The problems with the SS trust fund are purely due to the artificial contributions cap combined with the decline in median household income relative to GDP. The planners didn't expect to lose the gains in income equality over the prior to the '80s. (If the national income is more concentrated at the top end, and you exclude the top end from contributing....)
That's not the problem at all. Income inequality has little to do with it. Unemployment is rampant which hurts the basic premise of the social security schema. Add to that the problem of a somewhat negative population growth and it throws it all out of whack.
http://www.forbes.com/sites/da...
You see, the planners forecast population growth and the idea was that about 80% of the working population would pay for around 15% in social security benefits. I left 5% off because there will be some eligible to draw benefits but continue to work and end up paying their allotment back in penalties. But when you have a boom in population growth and then it slows, you end up with 25% or better of the population being over the age of retirement (in 2010, there was something like 20.7% of 65 and over compared to 18-64 with roughly 8% under 18 compared to the same source and another 41.9% coming.)
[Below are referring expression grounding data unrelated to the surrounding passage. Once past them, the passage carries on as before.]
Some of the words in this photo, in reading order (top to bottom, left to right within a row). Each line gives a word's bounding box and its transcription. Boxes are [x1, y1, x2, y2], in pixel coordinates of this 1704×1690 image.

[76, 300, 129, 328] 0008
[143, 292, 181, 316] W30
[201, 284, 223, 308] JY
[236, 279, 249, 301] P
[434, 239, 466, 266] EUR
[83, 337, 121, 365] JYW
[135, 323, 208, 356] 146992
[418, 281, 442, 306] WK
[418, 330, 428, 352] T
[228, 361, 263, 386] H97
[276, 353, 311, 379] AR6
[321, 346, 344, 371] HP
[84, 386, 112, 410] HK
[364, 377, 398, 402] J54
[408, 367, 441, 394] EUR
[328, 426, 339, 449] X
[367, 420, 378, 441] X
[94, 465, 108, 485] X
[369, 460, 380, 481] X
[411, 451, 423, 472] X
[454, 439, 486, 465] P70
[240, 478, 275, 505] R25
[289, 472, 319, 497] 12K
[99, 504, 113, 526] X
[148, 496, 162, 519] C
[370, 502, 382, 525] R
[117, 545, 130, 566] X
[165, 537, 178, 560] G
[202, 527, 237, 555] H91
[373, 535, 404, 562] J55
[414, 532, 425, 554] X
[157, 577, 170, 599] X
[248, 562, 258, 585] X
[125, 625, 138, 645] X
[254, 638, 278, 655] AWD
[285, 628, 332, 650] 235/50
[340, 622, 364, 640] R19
Or in other words, currently, the number of people 65 and over is equal to 20.7% of people of working age. The number of people under 18 year old who will replace the retiring workers is equal to roughly 8% of the current working age population. But the number of people within 18 years of being 65 is roughly 42% of the current working population. this means that 42% will leave while only 8% replaces them leaving a deficit of 34% without bothering to estimate the number of retirees who will still be with us and dependent on Social Security or the number of working age people and others who had tragic events happen and draw from the system too..
http://factfinder2.census.gov/...
But I like you try to push income inequality as a leading factor. It shows you are willing to make something up to push the idea and I bet people believed you too.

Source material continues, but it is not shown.